Outside, the lawn of the main quad was busy. Students throwing Frisbees, calling to friends, making weekend plans. The day was pretty but cool. I began to walk, with no particular direction in mind. I just needed to move. I was near the main university gates and the John Carroll statue when my legs folded. One moment I was walking, and the next I was on the ground. I had eaten nothing since yesterday morning, but this wasn’t a faint. Nothing so dainty. I just . . . gave out. The body overriding the brain.
Here is something I did not know before but was about to learn. When a person receives a great shock, that person both continues to function and doesn’t. Let me explain: At that moment I could not stand up. But I was capable of sitting there on the cold sidewalk and registering quite clearly how I must look. My legs splayed, my hair askew, my bag strewn behind me. Some tiny part of me relished the spectacle. Students were cutting me a wide berth. I calculated what they must be thinking, how long it would take before someone bent down to ask if I was all right.
What would my answer be?
Seven
* * *
SATURDAY, OCTOBER 12, 2013
It was Saturday morning when the bullet began to throb.
Not a steady ache, like my wrist. This felt more ragged, more demanding. The pain came and went, but when it was there it was hot. I imagined the bullet pulsing, like an organ.

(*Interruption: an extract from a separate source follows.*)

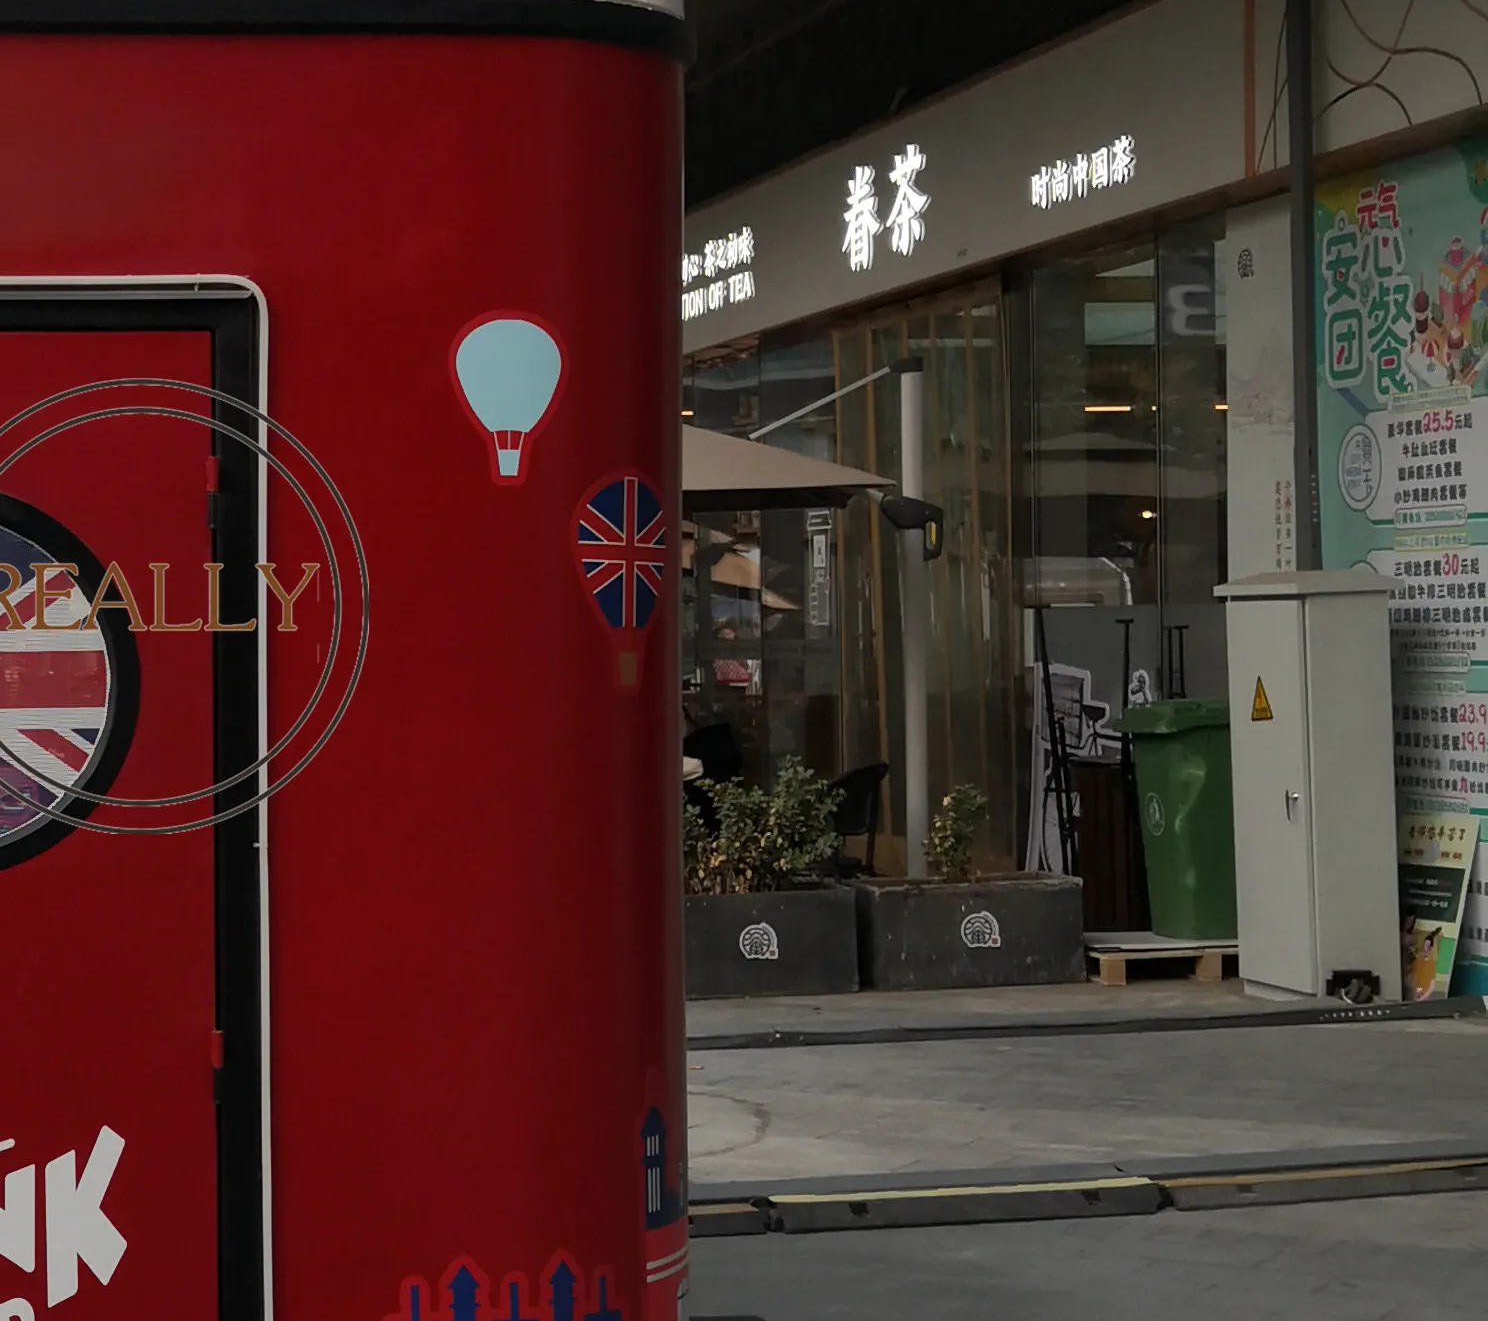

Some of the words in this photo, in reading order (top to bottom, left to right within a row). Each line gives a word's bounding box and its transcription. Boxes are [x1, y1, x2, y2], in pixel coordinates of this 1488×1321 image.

[1030, 135, 1135, 210] 时尚中国茶
[728, 271, 755, 304] TEA

Back when I was a girl, the whole country was caught up in the frenzy for the Star Wars movies. I was a baby when the first one came out, but I do remember weeping on the morning that Return of the Jedi hit the theaters. I must have been six or seven by then. Tony and Martin were allowed to go see it; I was deemed too young and ordered to stay home. It seemed an unbearable injustice. Afterward, my brothers annoyed me for weeks by conversing in garbled Yoda syntax (“Told you I did, the potatoes please pass”). They also joked about sensing a Disturbance in the Force. It sounds hokey, but thirty years later, this is the phrase that now came to mind. I did sense something like a Disturbance. As though the bullet wielded some force that was disturbing the normal rhythms of my body.

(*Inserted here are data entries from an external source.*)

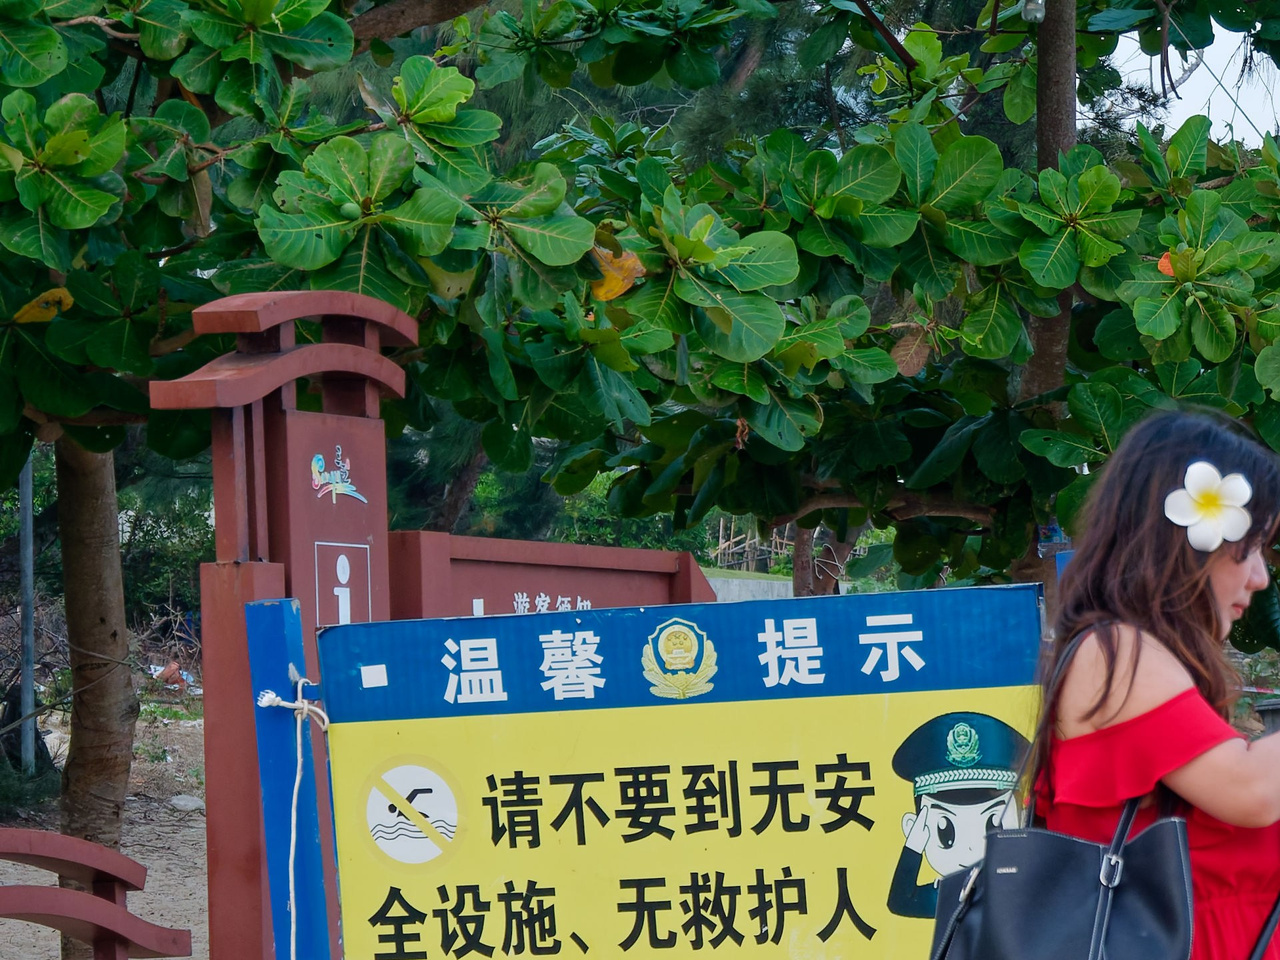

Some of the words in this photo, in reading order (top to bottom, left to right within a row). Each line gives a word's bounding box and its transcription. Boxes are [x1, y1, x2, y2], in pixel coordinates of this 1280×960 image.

[440, 629, 607, 705] 温馨
[758, 613, 927, 688] 提示
[482, 752, 877, 850] 请不要到无安
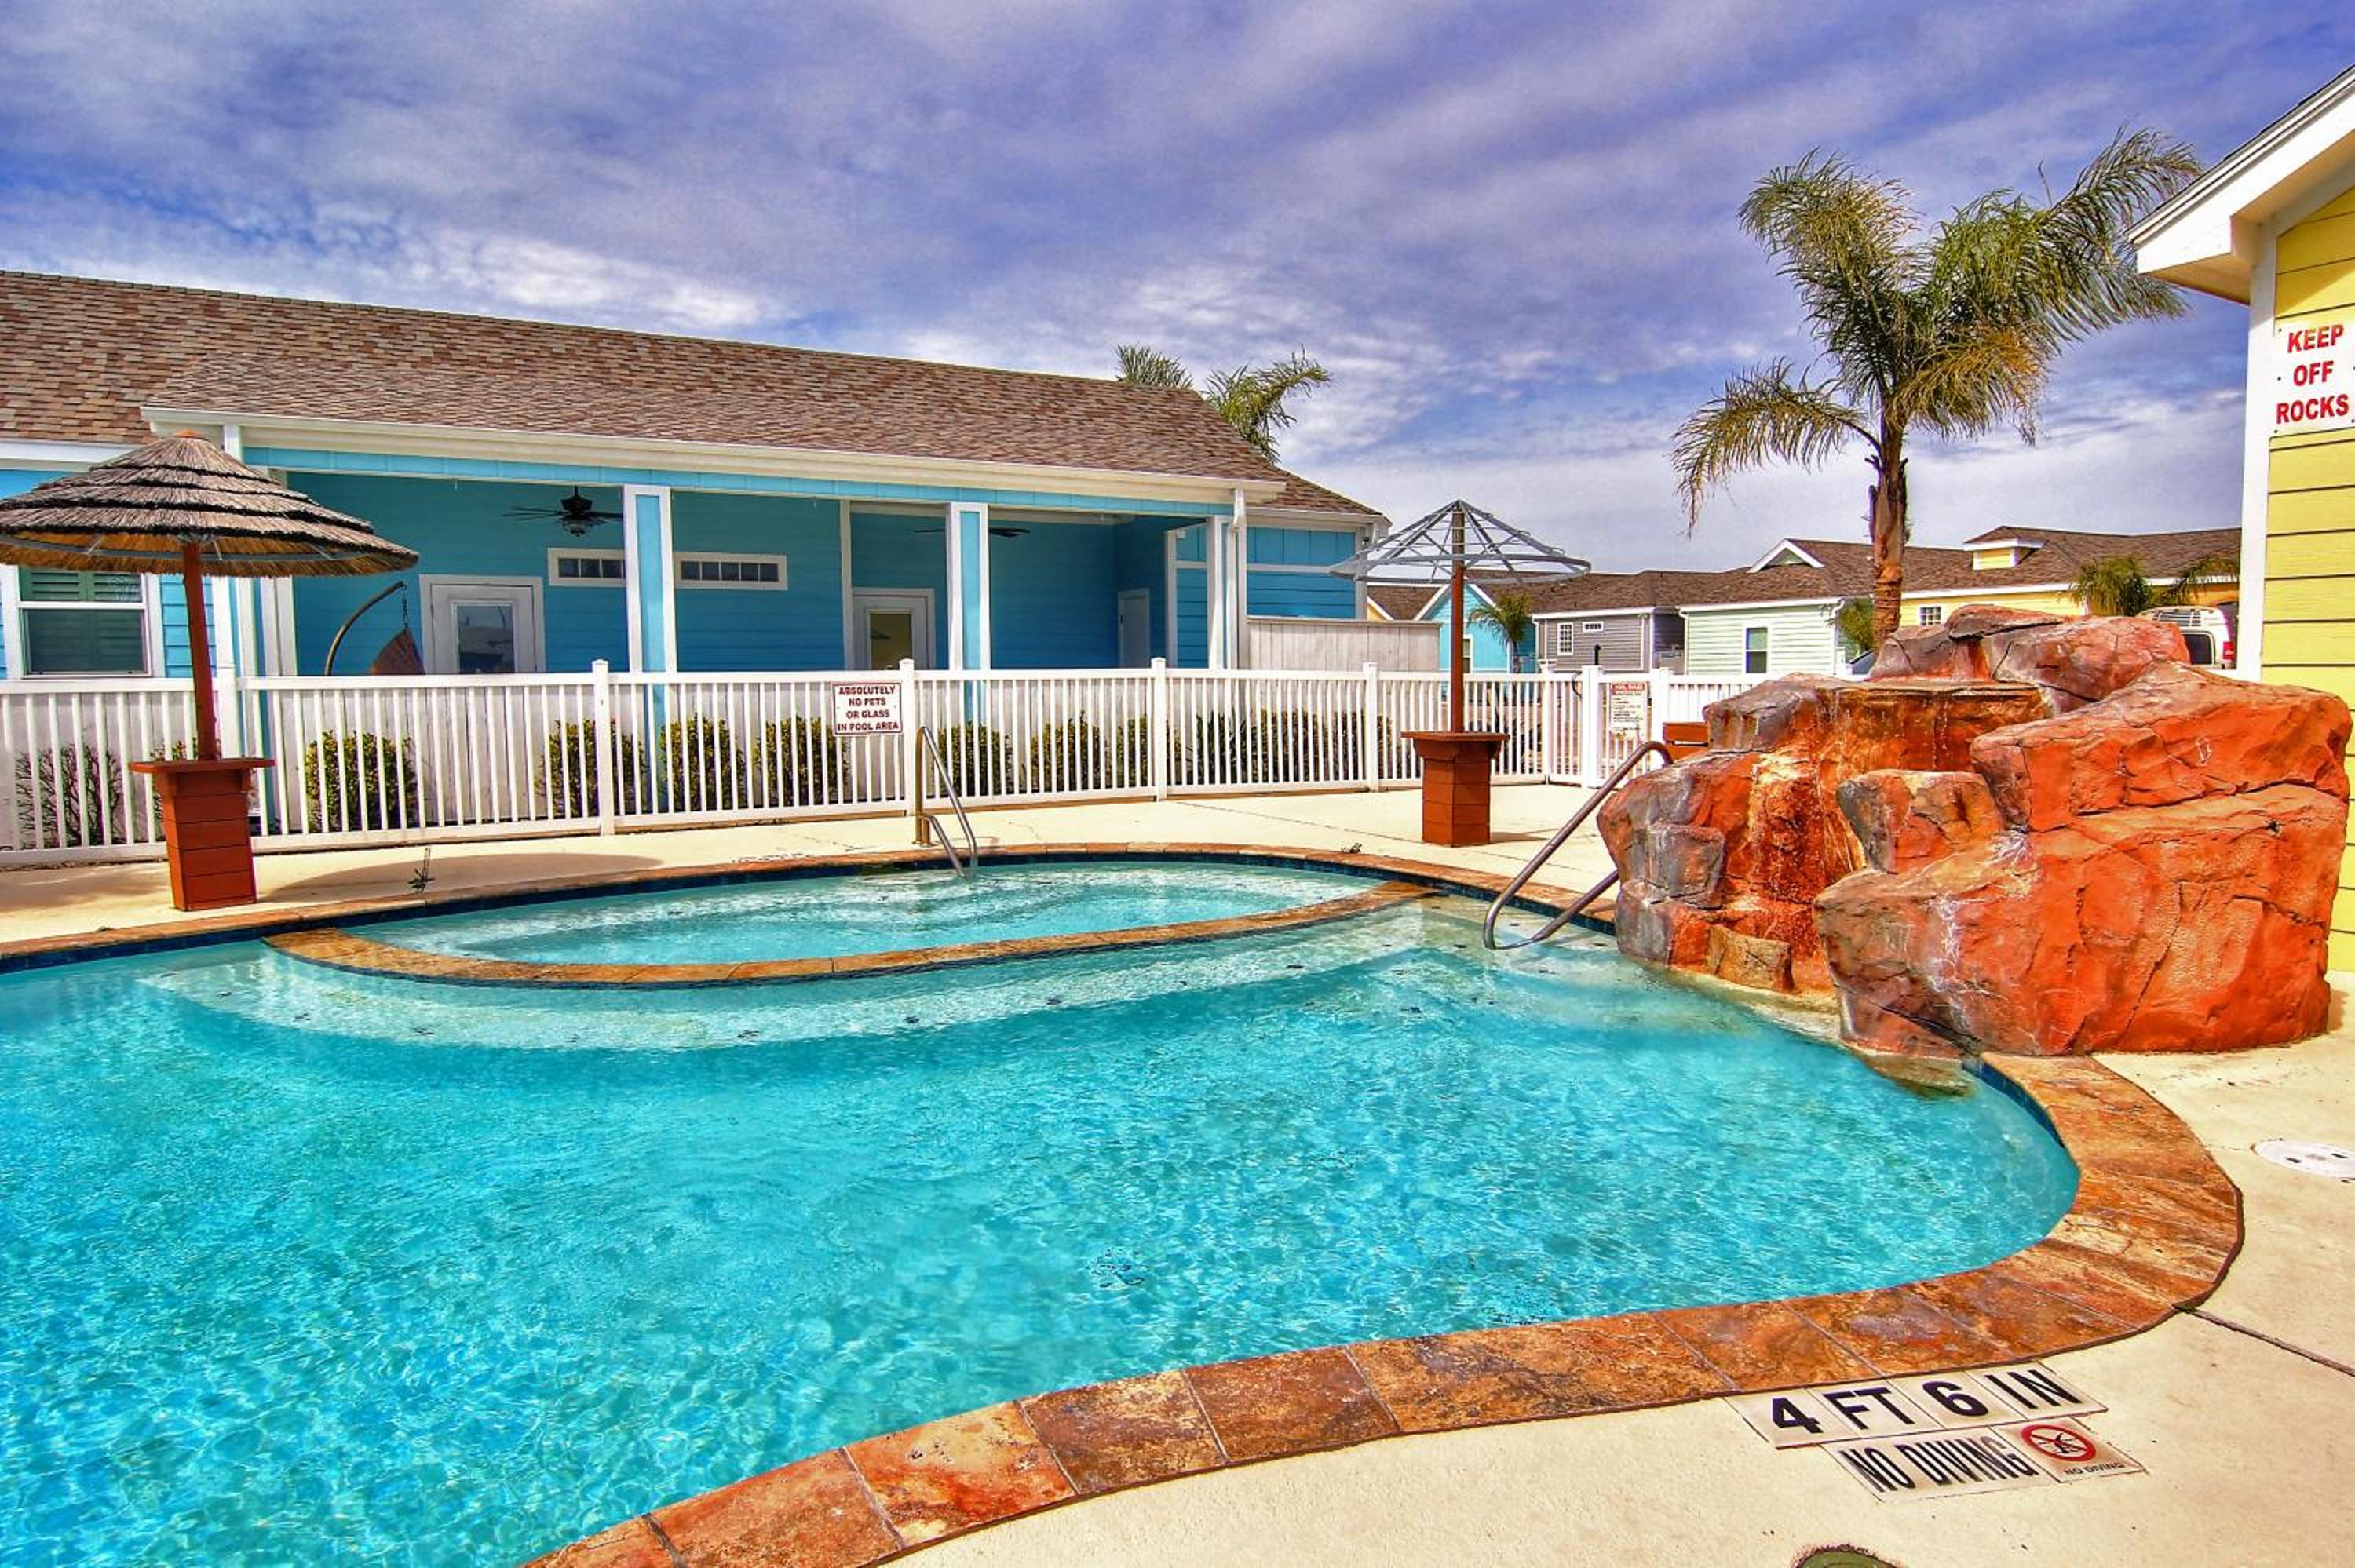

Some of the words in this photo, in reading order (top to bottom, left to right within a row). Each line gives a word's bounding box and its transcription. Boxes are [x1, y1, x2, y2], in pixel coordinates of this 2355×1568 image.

[2287, 324, 2344, 353] KEEP
[2293, 360, 2334, 386] OFF
[2276, 394, 2350, 425] ROCKS
[839, 686, 896, 695] ABSOLUTELY
[864, 698, 886, 706] PETS
[846, 710, 859, 719] OR
[861, 709, 890, 718] GLASS
[849, 723, 873, 731] POOL
[875, 721, 899, 730] AREA
[1772, 1397, 1823, 1434] 4
[1824, 1387, 1915, 1430] FT
[1922, 1380, 1989, 1417] 6
[1985, 1369, 2083, 1409] IN
[1838, 1447, 1915, 1492] NO
[1893, 1435, 2039, 1486] DIVING

I thought about the veins and muscles in my neck. How for years they must have grown and pushed and curved around the lead, like the roots of a tree when they meet resistance from a stone.
I had been three years old when I was shot.
Three.
That meant the bullet had been inside my body for longer than my teeth.
? ? ?
I CALLED MY doctor late that afternoon.
Was it possible? I asked him. That an ancient wound could start hurting, just like that?

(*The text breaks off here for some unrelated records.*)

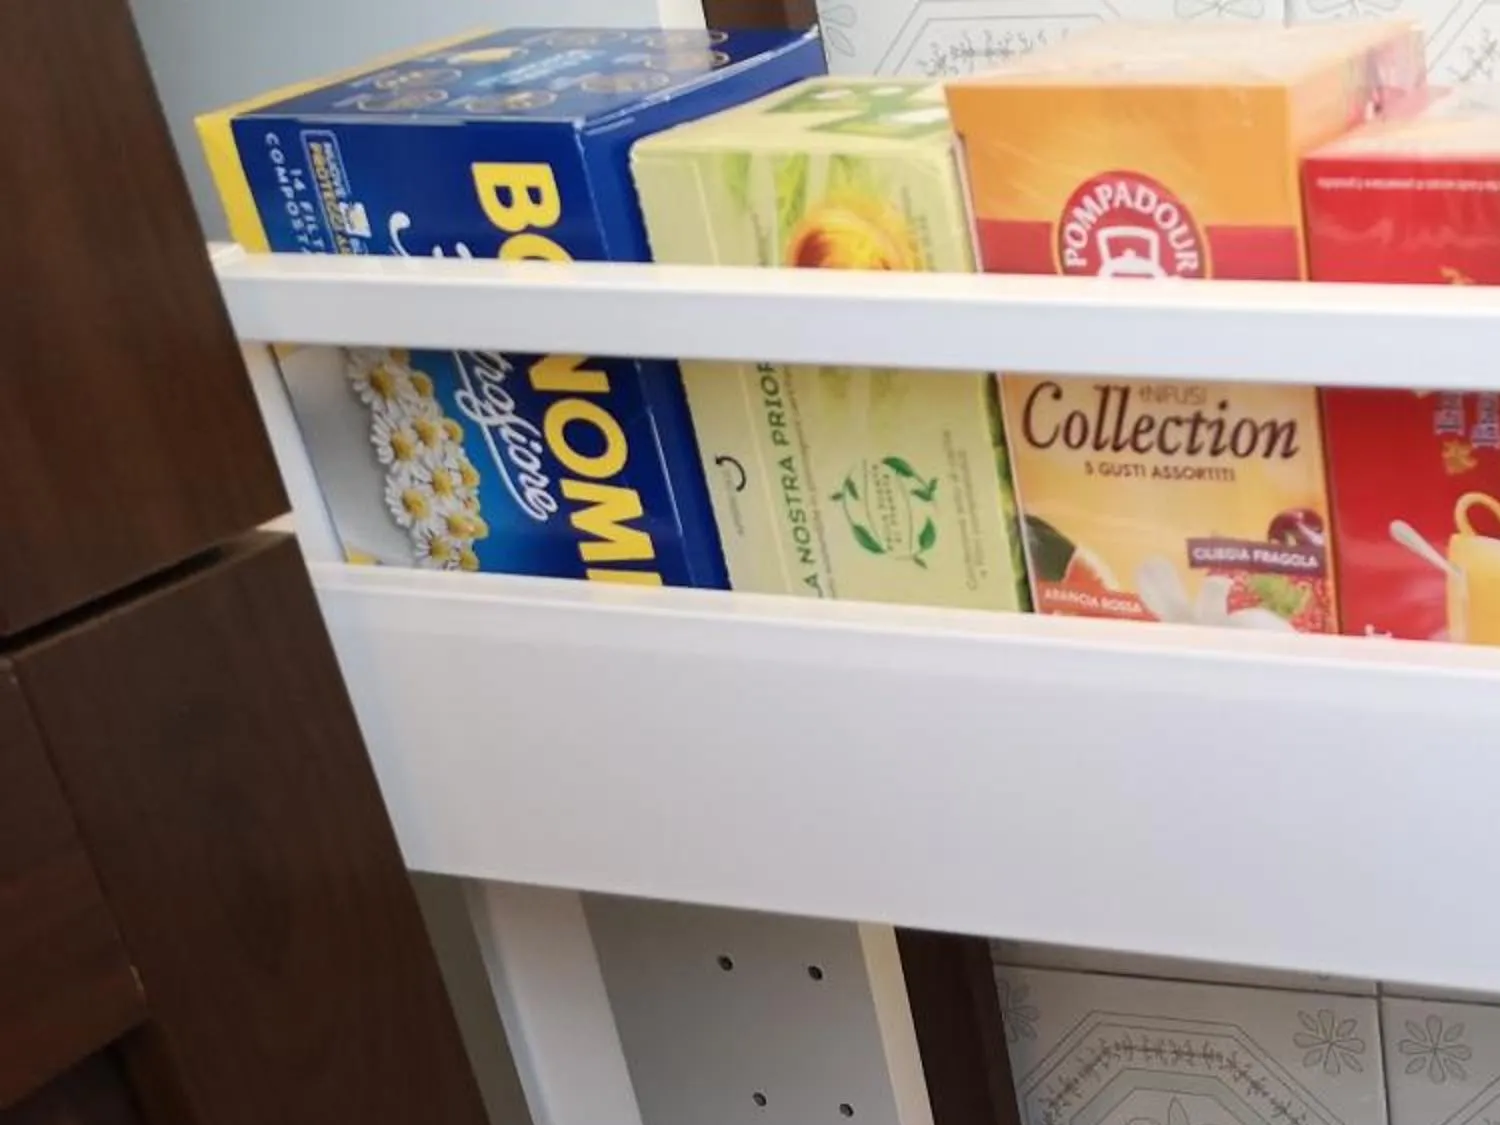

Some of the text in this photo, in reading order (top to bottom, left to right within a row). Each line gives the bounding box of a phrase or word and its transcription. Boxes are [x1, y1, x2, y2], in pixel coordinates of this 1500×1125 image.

[1065, 181, 1198, 271] POMPADOUR
[1022, 381, 1299, 459] Collection
[779, 455, 817, 564] NOSTRA
[1099, 462, 1146, 478] GUSTI
[1151, 464, 1235, 482] ASSORTITI
[1253, 549, 1318, 569] FRAGOLA

“Unlikely,” he replied. “But describe the pain?”
I thought about it. “Hot. Like it’s radiating heat or something.”
“Well, it’s definitely not doing that. Unless it’s gotten infected, but I didn’t see any sign of that when I examined you this week.”
“Okay, but it really is . . . throbbing. I can feel the metal. The physical weight of it. Like it’s jabbing me.”
“I suspect that might be psychosomatic.”
“I am not imagining this, Dr. Zartman.”